YOUR TASK: With pictures excluded, give again exactly the lines running from the one holding "this 1600×900 image." through the end of the listing below.

EXTRACTED RECORDS:
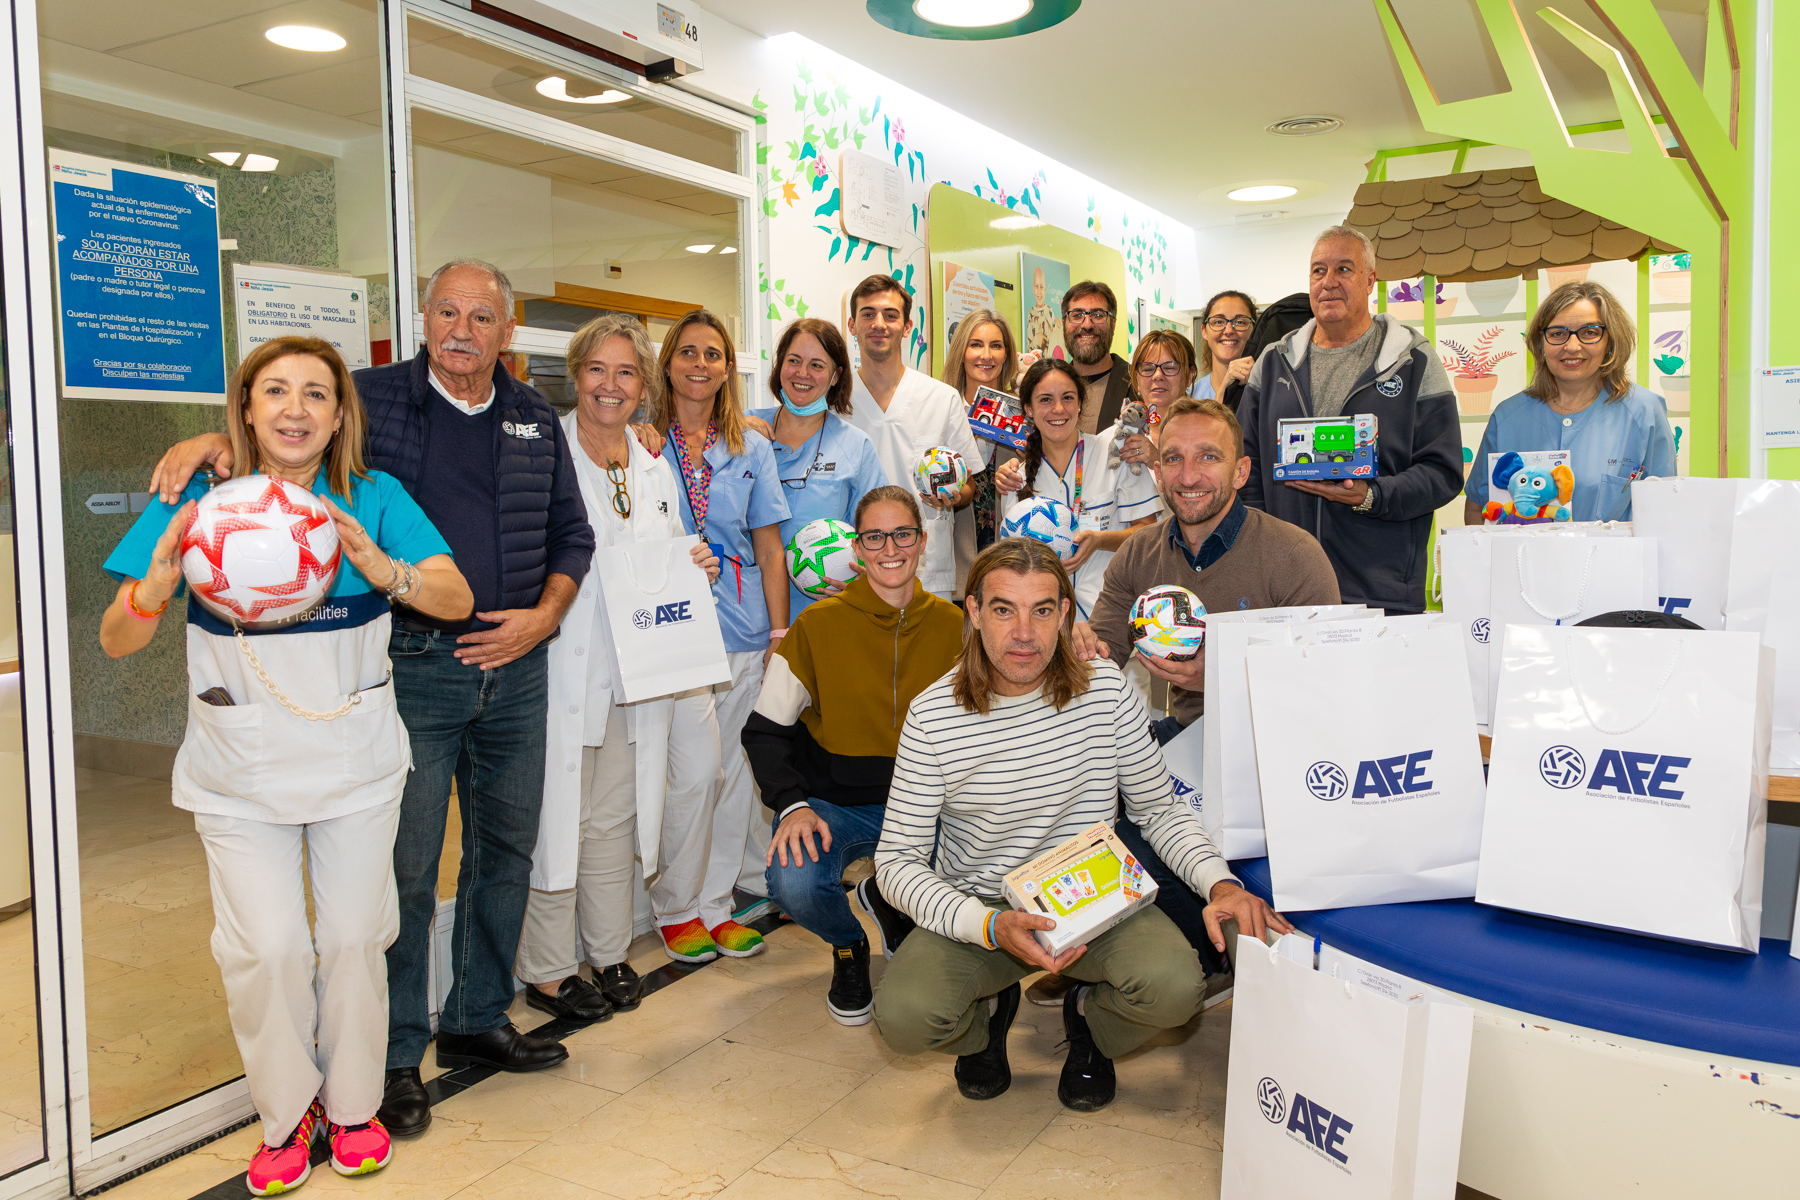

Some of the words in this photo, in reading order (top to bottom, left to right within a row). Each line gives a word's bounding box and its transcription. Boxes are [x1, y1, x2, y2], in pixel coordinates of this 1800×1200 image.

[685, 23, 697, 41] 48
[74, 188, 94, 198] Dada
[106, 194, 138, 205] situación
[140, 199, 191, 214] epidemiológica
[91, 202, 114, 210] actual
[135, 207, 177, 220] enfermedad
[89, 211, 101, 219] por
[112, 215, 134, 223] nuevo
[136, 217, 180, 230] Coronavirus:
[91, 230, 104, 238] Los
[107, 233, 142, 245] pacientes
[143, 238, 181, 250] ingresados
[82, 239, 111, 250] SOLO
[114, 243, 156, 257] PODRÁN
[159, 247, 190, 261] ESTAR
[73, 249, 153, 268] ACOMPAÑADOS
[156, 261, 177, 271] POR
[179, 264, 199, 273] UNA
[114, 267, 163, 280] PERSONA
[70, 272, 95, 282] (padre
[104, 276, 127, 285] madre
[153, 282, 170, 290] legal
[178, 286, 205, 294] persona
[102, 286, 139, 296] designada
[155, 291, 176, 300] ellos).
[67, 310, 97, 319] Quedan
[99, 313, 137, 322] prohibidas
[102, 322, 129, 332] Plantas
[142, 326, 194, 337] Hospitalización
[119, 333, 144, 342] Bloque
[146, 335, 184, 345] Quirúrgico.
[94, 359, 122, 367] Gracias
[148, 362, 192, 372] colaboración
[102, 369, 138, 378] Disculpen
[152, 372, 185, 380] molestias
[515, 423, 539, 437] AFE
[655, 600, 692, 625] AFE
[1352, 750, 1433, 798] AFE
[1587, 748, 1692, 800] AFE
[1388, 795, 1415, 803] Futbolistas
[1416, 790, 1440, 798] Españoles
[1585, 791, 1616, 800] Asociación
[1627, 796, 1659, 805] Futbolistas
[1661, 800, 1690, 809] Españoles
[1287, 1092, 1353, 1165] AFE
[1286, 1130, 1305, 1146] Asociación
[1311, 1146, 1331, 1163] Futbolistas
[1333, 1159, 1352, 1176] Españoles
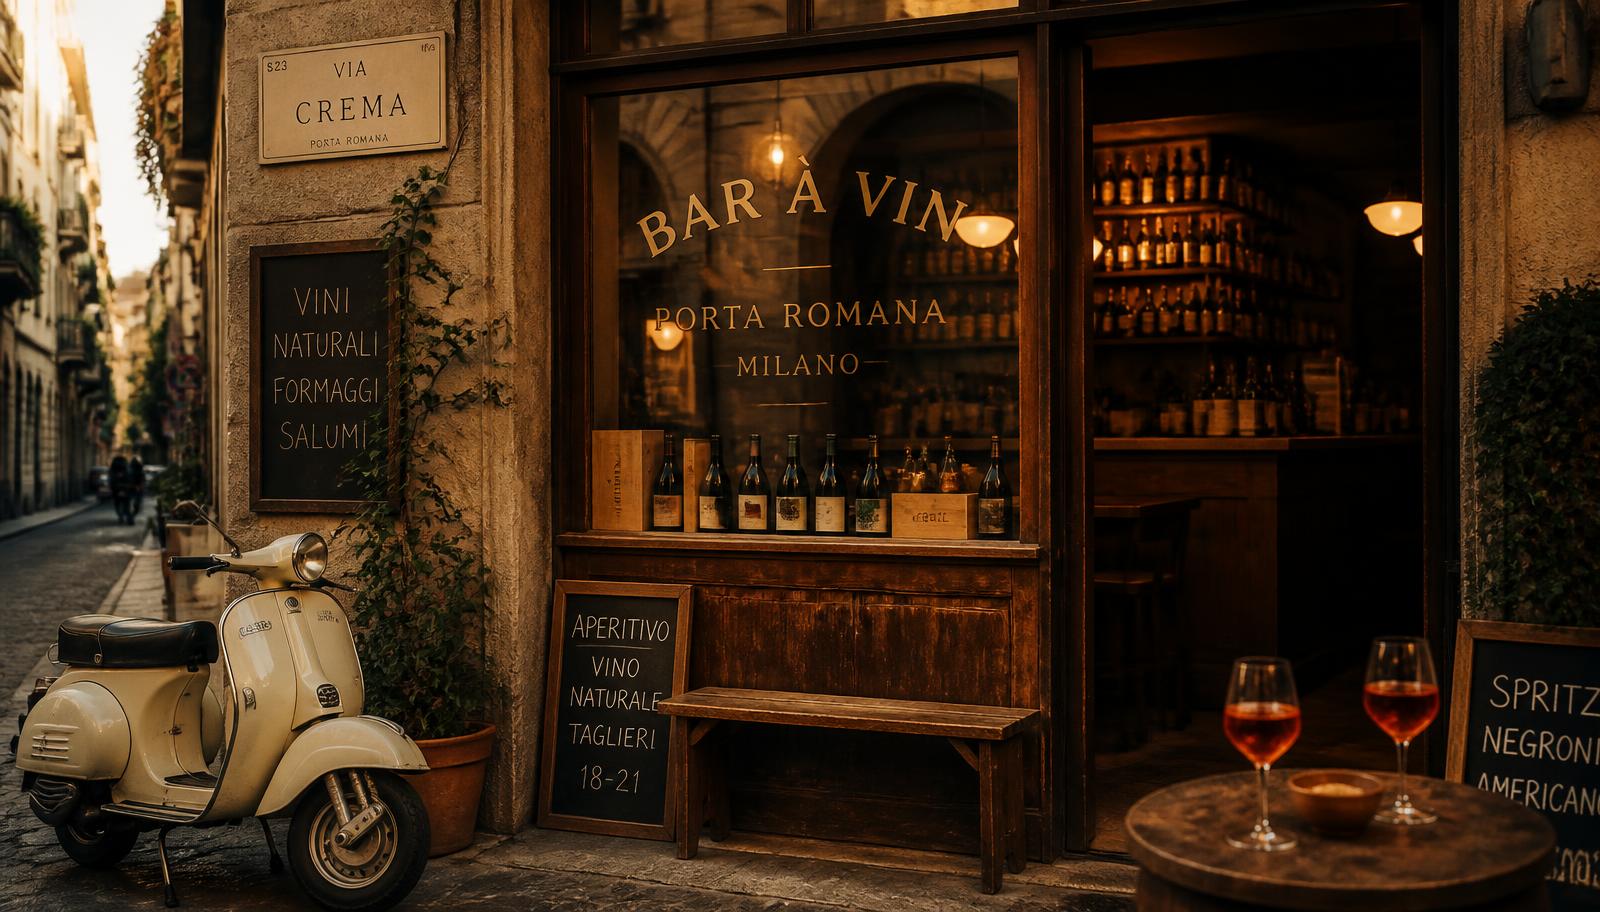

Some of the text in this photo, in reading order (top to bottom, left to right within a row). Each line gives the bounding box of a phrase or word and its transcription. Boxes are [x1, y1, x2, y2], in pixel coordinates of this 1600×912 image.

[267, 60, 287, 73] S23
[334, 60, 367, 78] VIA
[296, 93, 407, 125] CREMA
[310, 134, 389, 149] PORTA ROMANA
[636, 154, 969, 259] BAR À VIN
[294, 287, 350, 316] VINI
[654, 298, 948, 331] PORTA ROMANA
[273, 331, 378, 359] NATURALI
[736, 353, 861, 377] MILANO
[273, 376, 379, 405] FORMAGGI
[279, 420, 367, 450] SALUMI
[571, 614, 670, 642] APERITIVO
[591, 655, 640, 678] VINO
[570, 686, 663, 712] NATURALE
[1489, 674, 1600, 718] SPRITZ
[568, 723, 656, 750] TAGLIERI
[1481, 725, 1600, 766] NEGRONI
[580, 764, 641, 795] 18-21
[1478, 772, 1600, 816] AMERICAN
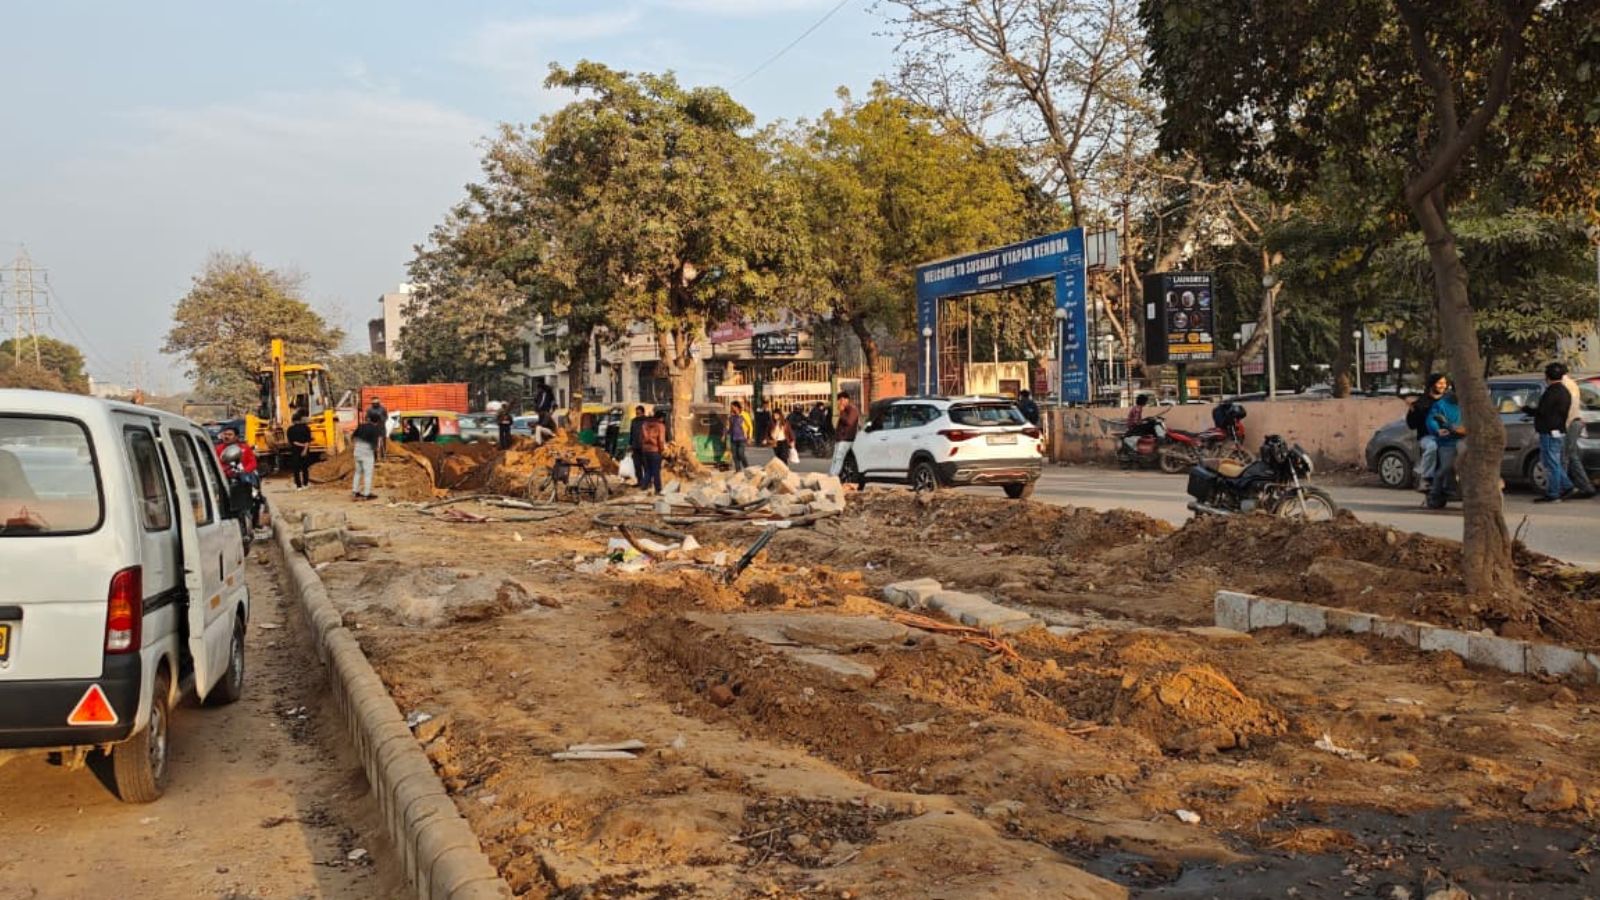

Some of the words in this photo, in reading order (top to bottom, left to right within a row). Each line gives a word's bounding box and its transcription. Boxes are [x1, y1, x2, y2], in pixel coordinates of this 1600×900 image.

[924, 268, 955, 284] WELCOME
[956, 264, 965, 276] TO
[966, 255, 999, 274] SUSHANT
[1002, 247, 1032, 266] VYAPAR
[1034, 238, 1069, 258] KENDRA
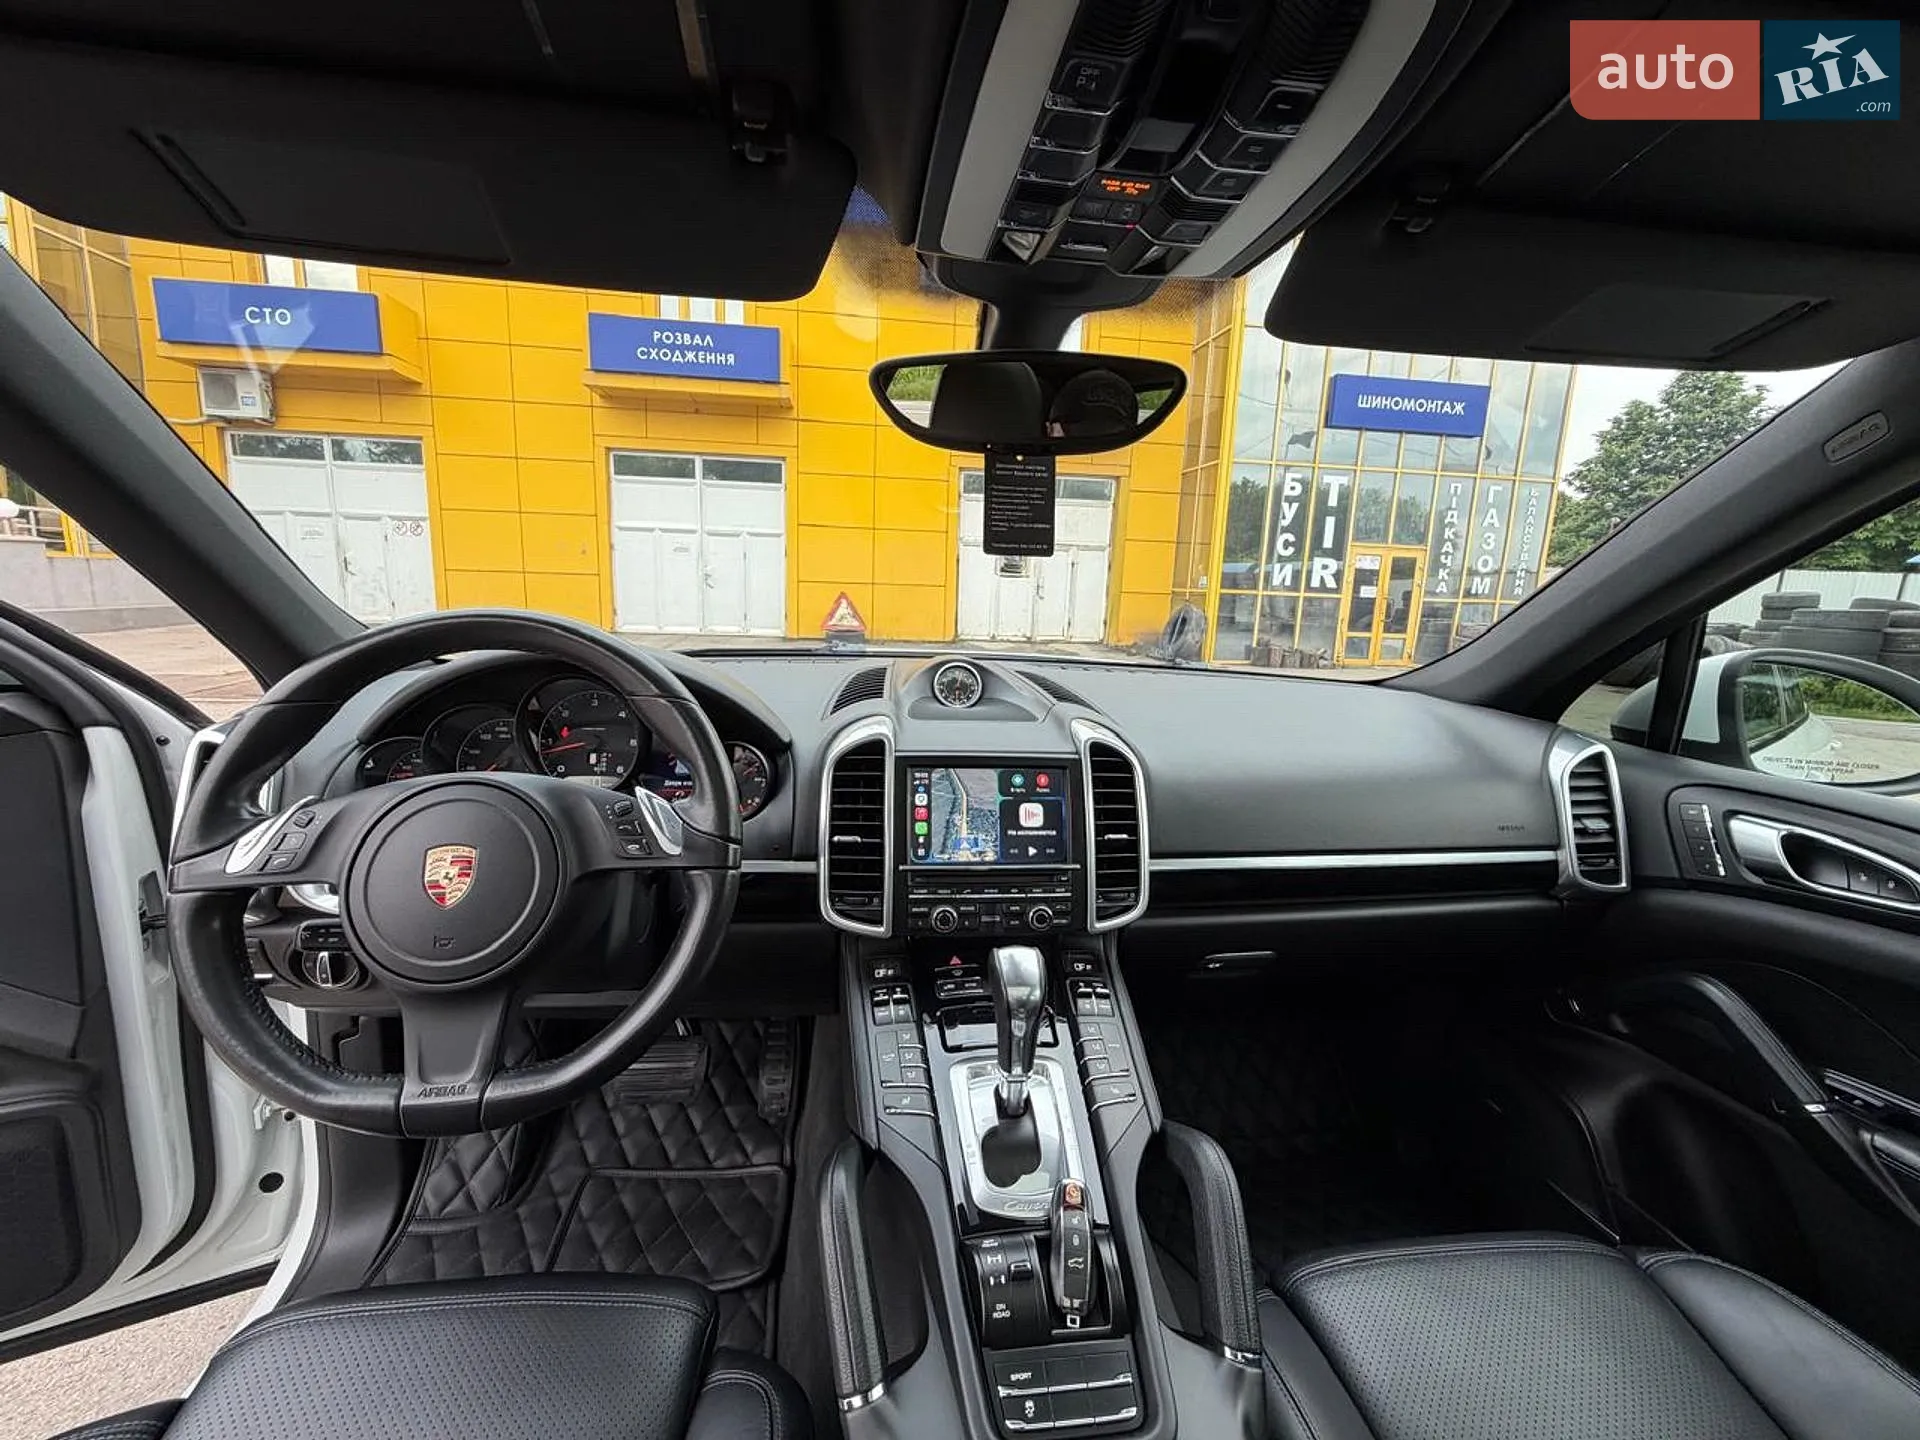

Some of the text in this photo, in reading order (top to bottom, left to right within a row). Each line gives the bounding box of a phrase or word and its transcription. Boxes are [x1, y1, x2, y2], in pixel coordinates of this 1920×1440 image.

TASK SOLUTION:
Some of the words in this photo, in reading order (top to bottom, left to right within a row). Each line gives a word's bounding box and its transcription. Boxes are [x1, y1, x2, y2], in pixel coordinates of this 1600×900 image.

[924, 268, 955, 284] WELCOME
[956, 264, 965, 276] TO
[966, 255, 999, 274] SUSHANT
[1002, 247, 1032, 266] VYAPAR
[1034, 238, 1069, 258] KENDRA

Some of the text in this photo, in reading order (top to bottom, left to right within a row). Each line gives the bounding box of a phrase or word and its transcription. Boxes are [x1, y1, x2, y2], in pixel coordinates of this 1920×1440 image.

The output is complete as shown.